- Opening Delimiter -
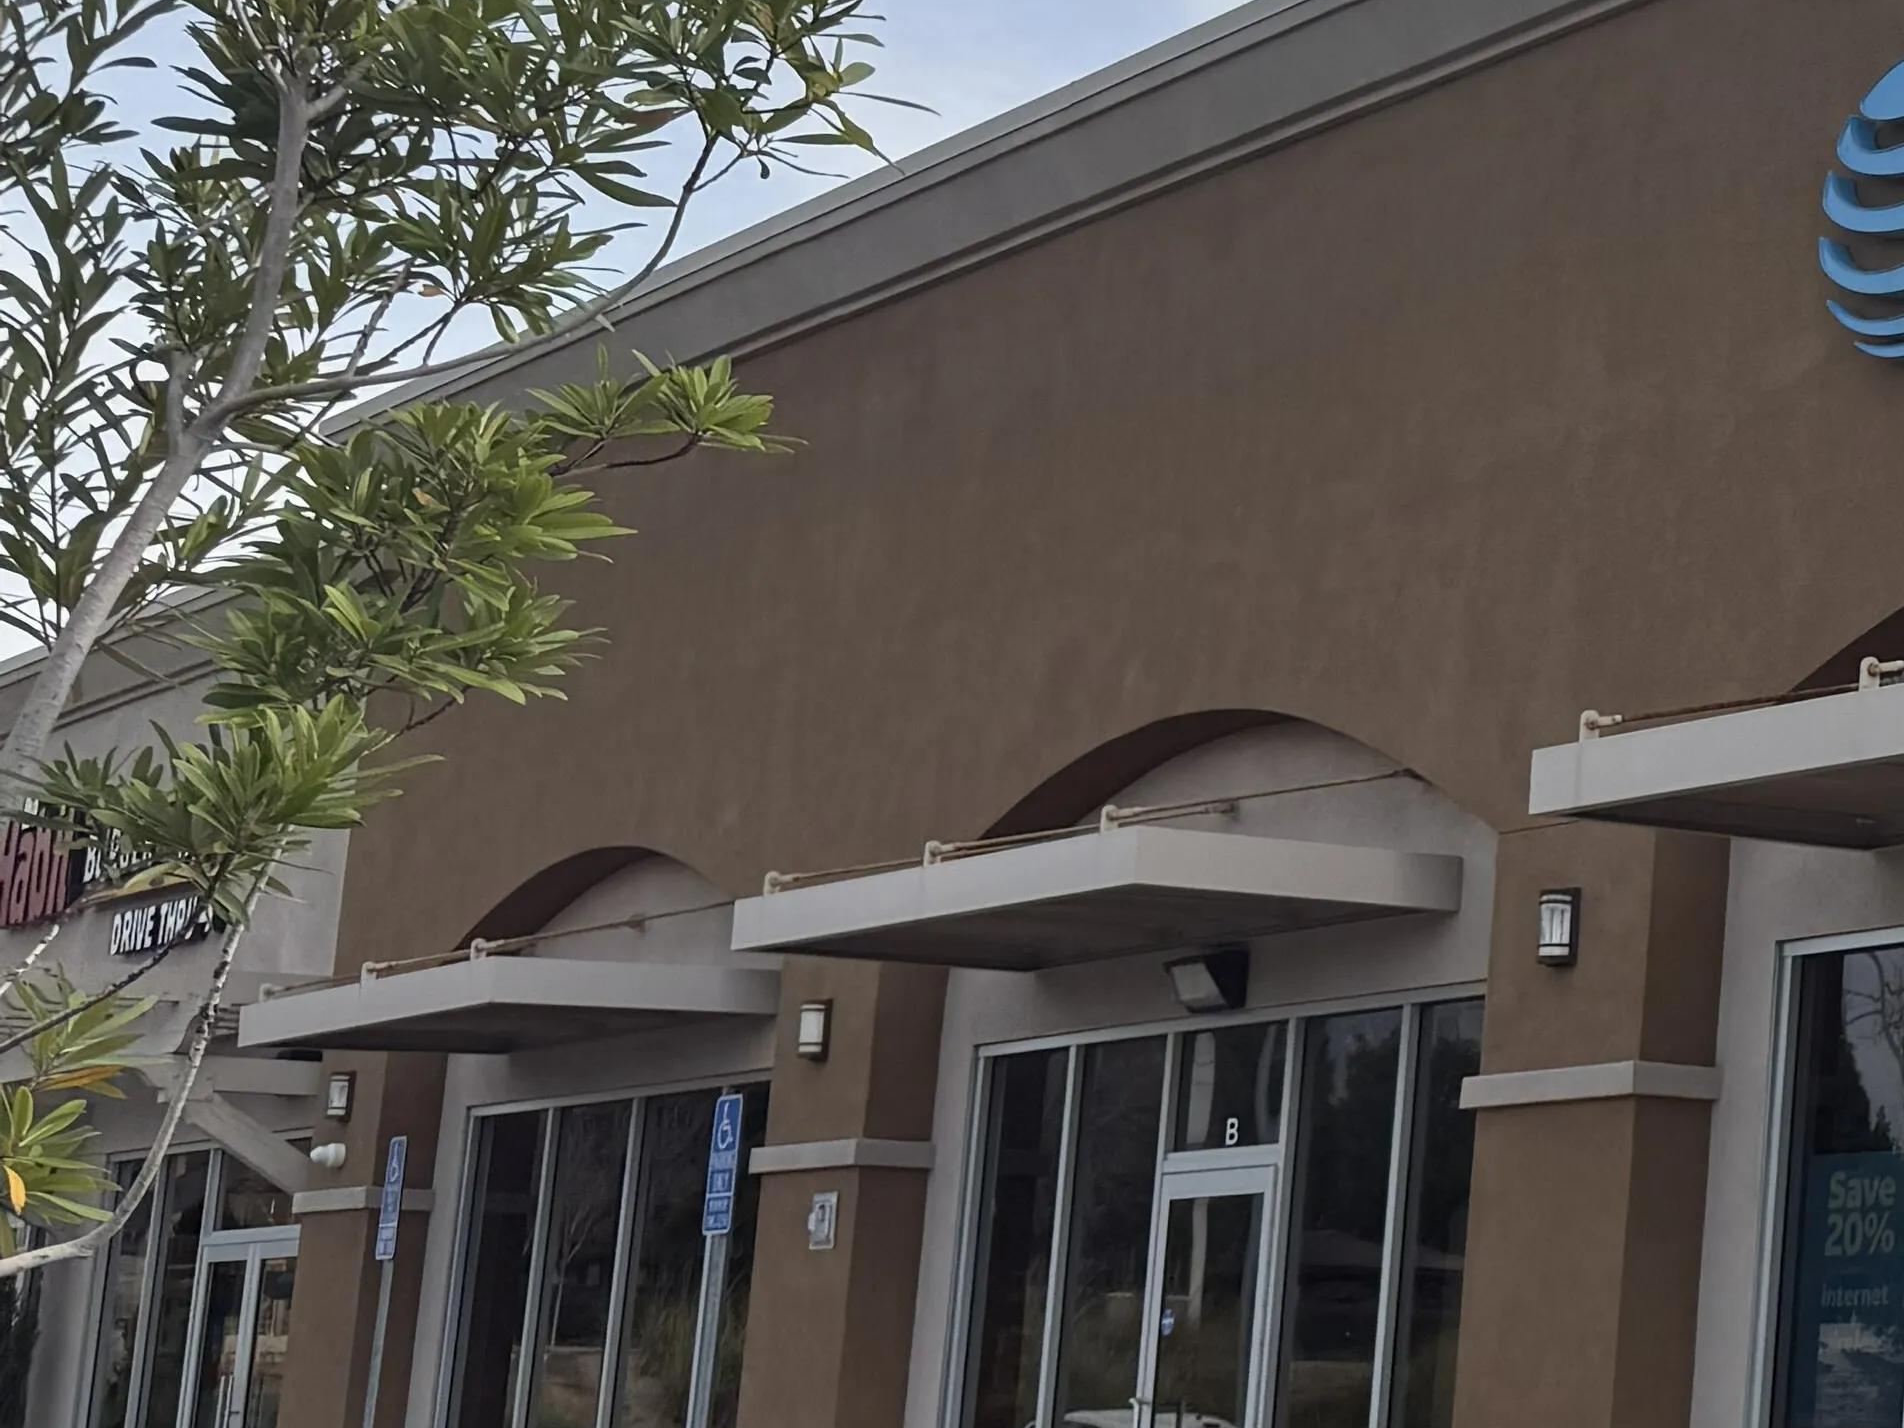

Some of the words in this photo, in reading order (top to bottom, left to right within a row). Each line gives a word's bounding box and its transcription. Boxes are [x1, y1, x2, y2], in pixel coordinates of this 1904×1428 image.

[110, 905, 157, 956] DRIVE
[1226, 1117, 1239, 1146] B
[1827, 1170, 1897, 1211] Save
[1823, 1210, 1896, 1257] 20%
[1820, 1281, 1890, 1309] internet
- Closing Delimiter -
**About this task:** Would you write out each entry word for word and omit the images?

**Answer section:**
Some of the words in this photo, in reading order (top to bottom, left to right within a row). Each line gives a word's bounding box and its transcription. Boxes are [x1, y1, x2, y2], in pixel coordinates of this 1904×1428 image.

[110, 905, 157, 956] DRIVE
[1226, 1117, 1239, 1146] B
[1827, 1170, 1897, 1211] Save
[1823, 1210, 1896, 1257] 20%
[1820, 1281, 1890, 1309] internet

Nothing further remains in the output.